Last Week on my Mac: Where the law fails to protect

One of the purposes of government is to safeguard its citizens – from preventable disease, threats of war by foreign powers and terrorists within, and from those acts which we deem criminal. This week we have seen a major threat to hundreds of millions of innocent civilians around the world, undetected by any government, addressed by industry not government, and without any official acknowledgement by government agencies.

I refer, of course, to the exploited vulnerabilities in iOS prior to version 9.3.5, which were reported to Apple, and fixed by Apple in its iOS 9.3.5 update.

Many countries now have laws which make it illegal to ‘hack’ into any form of computer system, such as a smartphone. Although individuals are increasingly being prosecuted for breaking those laws, it is widely known that there are many commercial and government organisations which exploit vulnerabilities in order to obtain access to computer systems. The companies which do this offer the service for money, and it appears to be extremely lucrative. The governments which do so often have some form of legal let-out, although many question the moral and legal basis of their doing so. Hacking, exploiting vulnerabilities, trading in knowledge of vulnerabilities, and malware have all become weapons in what might be termed cyberwarfare.

This week, it became clear that NSO Group, based in Herzelia, Israel, which is probably owned by a private equity firm with its headquarters in San Francisco, had developed a malware delivery system which exploited three vulnerabilities in iOS, and had used this to launch an attack on a prominent Saudi dissident. The whole story is told in detail by the team which investigated it, on the blog of the Munk School of Global Affairs, at the University of Toronto.

The teams at Citizen Lab and Lookout Security did the responsible thing, and reported the vulnerabilities which they suspected to Apple, even though they were not offered any incentive (i.e. a bounty) to do so. Apple came up with fixes to close each of the three vulnerabilities which NSO Group’s Pegasus product was exploiting, and released them in iOS 9.3.5 on 25 August 2016.

Everyone who has an iPhone or iPad should be extremely grateful that Citizen Lab, Lookout Security, and Apple all did the right thing, and safeguarded us.

As that article makes clear, this is not the first time that this individual had been attacked by commercial malware: he had previously been attacked by FinFisher’s FinSpy, and HackingTeam’s Remote Control System. They have both been used in other attacks on civil society groups, journalists, and human rights workers.

FinFisher describes itself as specialising in “offensive IT intrusion”, and operates from Germany. HackingTeam is based in Italy, from where it sells “the hacking suite for governmental interception”. Such tools for ‘intrusion’ and ‘interception’ can of course also be used to introduce forged evidence, something which is discovered occasionally, despite the difficulty of proof.

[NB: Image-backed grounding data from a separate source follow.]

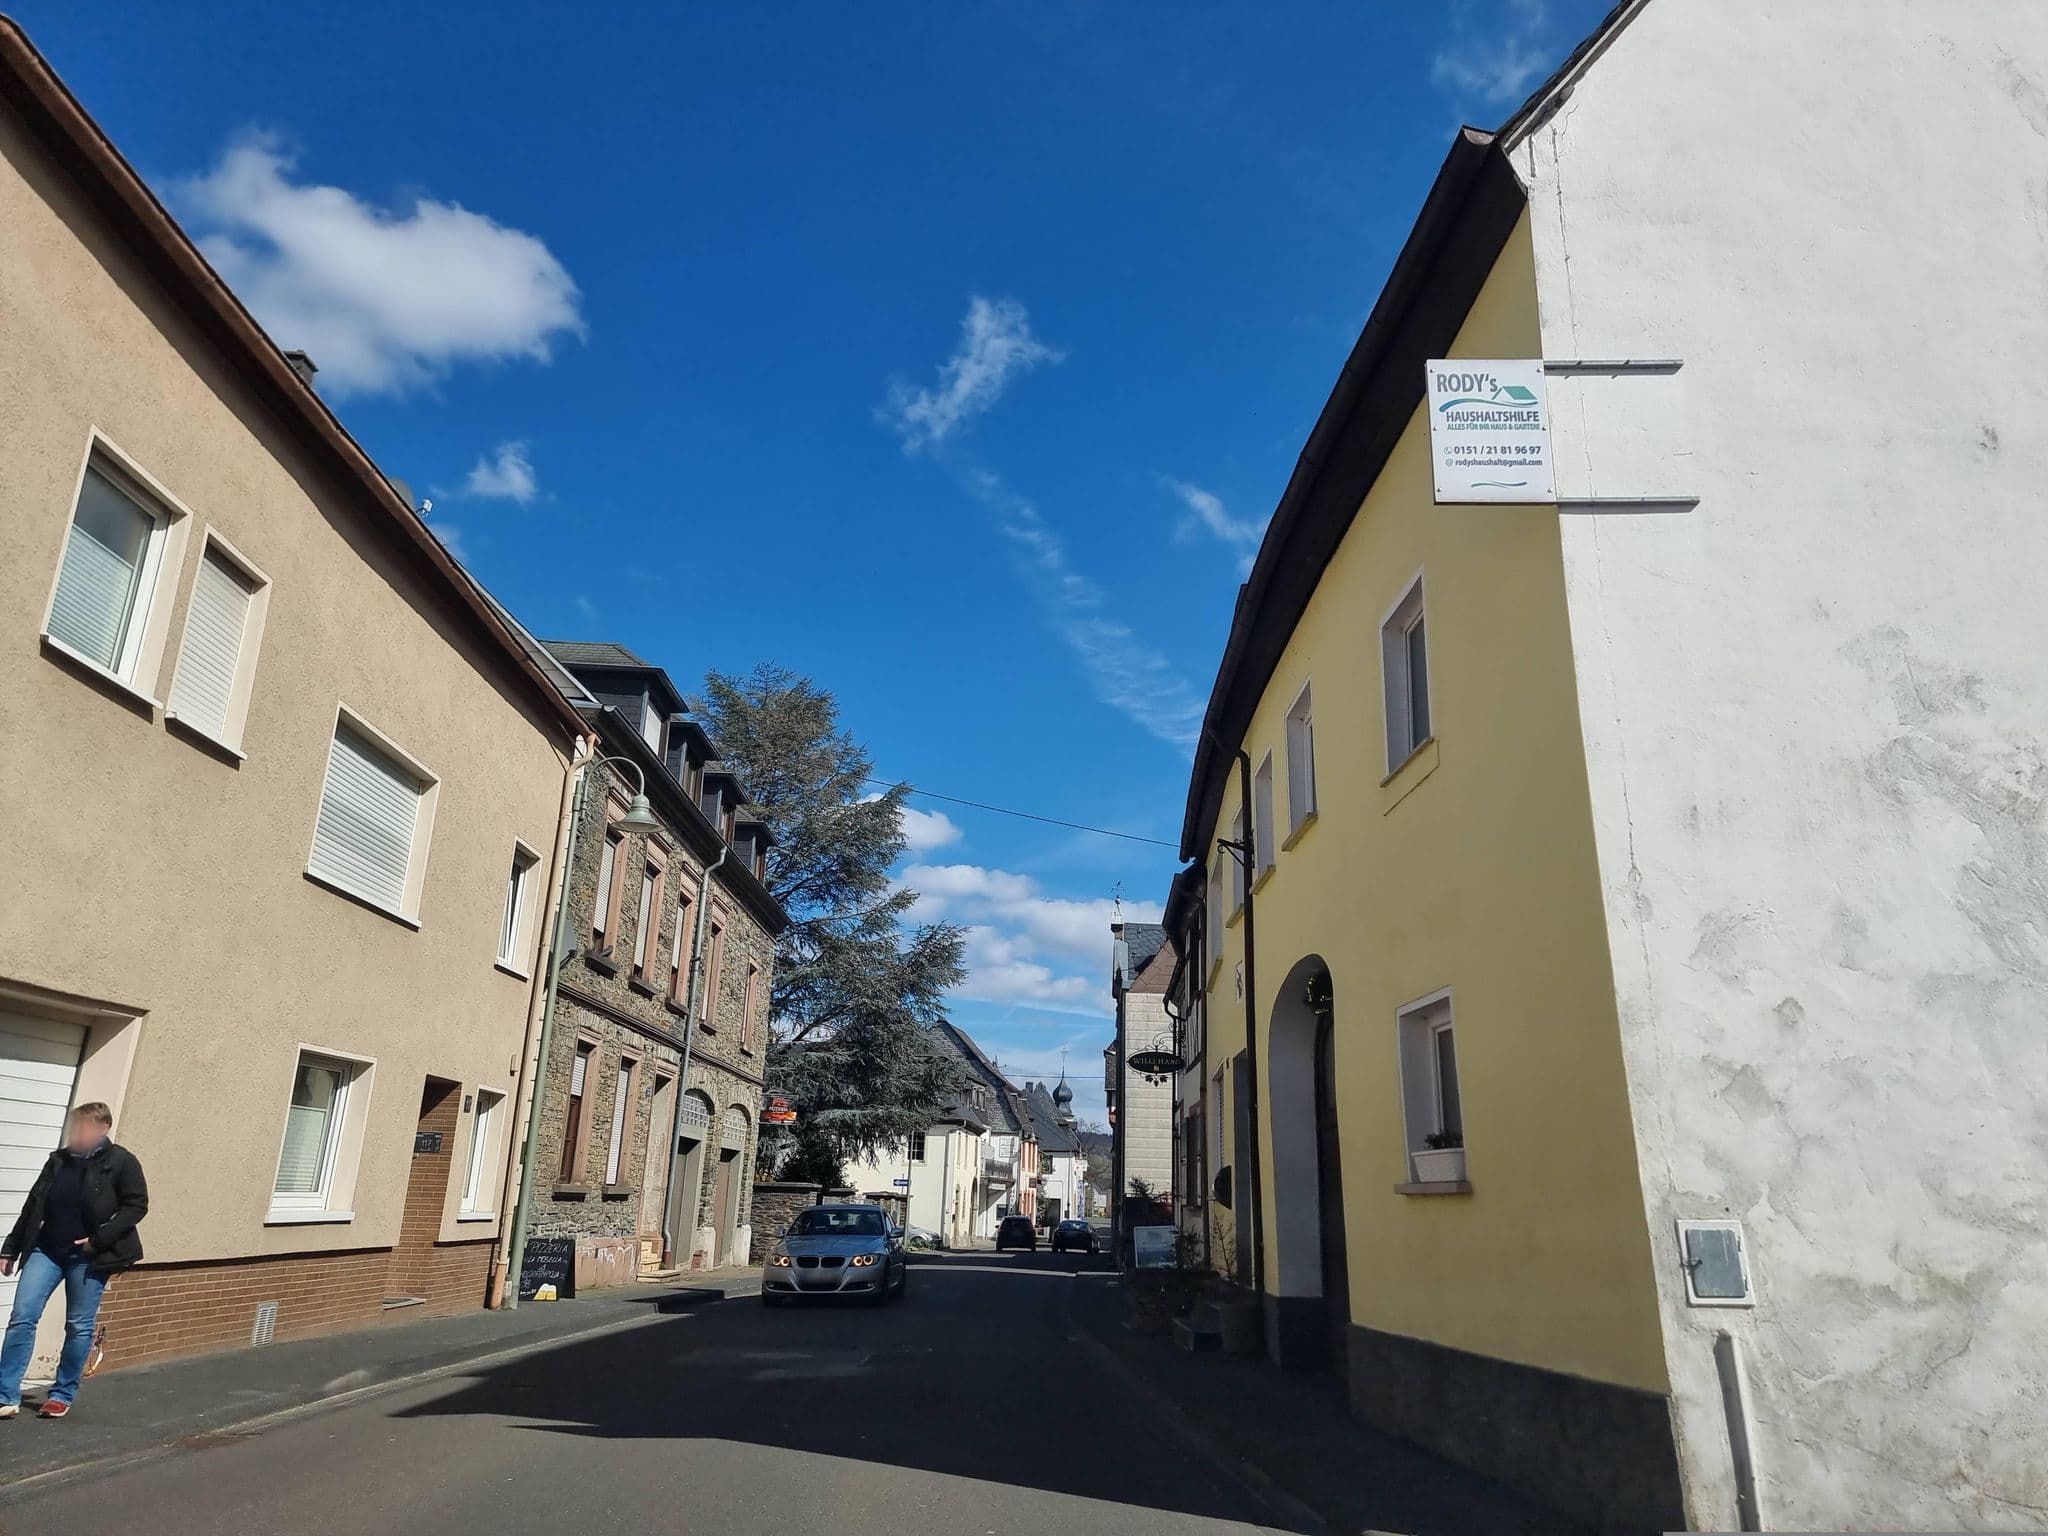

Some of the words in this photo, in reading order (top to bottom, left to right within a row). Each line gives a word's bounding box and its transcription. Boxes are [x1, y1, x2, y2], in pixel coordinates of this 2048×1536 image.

[1436, 373, 1498, 393] RODY's
[1446, 411, 1540, 422] HAUSHALTSHILFE
[1447, 423, 1465, 431] ALLES
[1467, 422, 1478, 431] FÜR
[1491, 423, 1507, 431] HAUS
[1453, 445, 1478, 455] 0151
[1486, 445, 1498, 455] 21
[1500, 445, 1512, 455] 81
[1514, 445, 1528, 455] 96
[1529, 445, 1541, 455] 97

In spite of the shadowy Wassenaar Arrangement, which is supposed to regulate international trade in arms and security-related computer products – such as those of FinFisher, HackingTeam, and NSO Group – national and international law is manifestly failing to protect vulnerable people around the world. This ‘arrangement’ embraces some countries such as Russia and Turkey, whose records are not exactly faultless, and excludes Israel, which continues to supply such products to countries which are part of the arrangement, and Saudi Arabia, which had greatest incentive to hack this particular individual.

Within Wassenaar members, it remains perfectly legal to trade without regulation in the knowledge of security vulnerabilities. A security researcher in the USA can quite legally discover a vulnerability in iOS which they know can be exploited, can refuse to disclose it to Apple, and sell the vulnerability to a third party, which can then exploit it in a product offered to ‘legitimate customers’. All without any record-keeping, disclosure, or supervision.

When rattling their cybersabres, governments such as those in the US and Europe like to tell us how important their cybersecurity agencies are, and how much additional funding they are being given, as if that builds our confidence. The real reason that our governments are so reluctant to safeguard us effectively is that they also want to exploit vulnerabilities and use the products sold by FinFisher, HackingTeam, and NSO Group. The occasional casualty, collateral damage as it were, in their cyberwarfare is of little importance to them.

NSO Group has been claimed to be worth $1 billion. If it is, then it must have other products, and lucrative trade with ‘legitimate customers’, which must include agencies of the US, UK, and other European governments. Far from commending Citizen Lab, Lookout Security, and Apple in closing these vulnerabilities, most are probably angry that one of their best and most expensive tools has now been made much less useful.

Not only do our governments not want to safeguard us from those existing threats, but they now want powers to force backdoors in encryption, and enable greater intrusion into our private communications – only by the good guys of course. Should we really trust them to safeguard us then?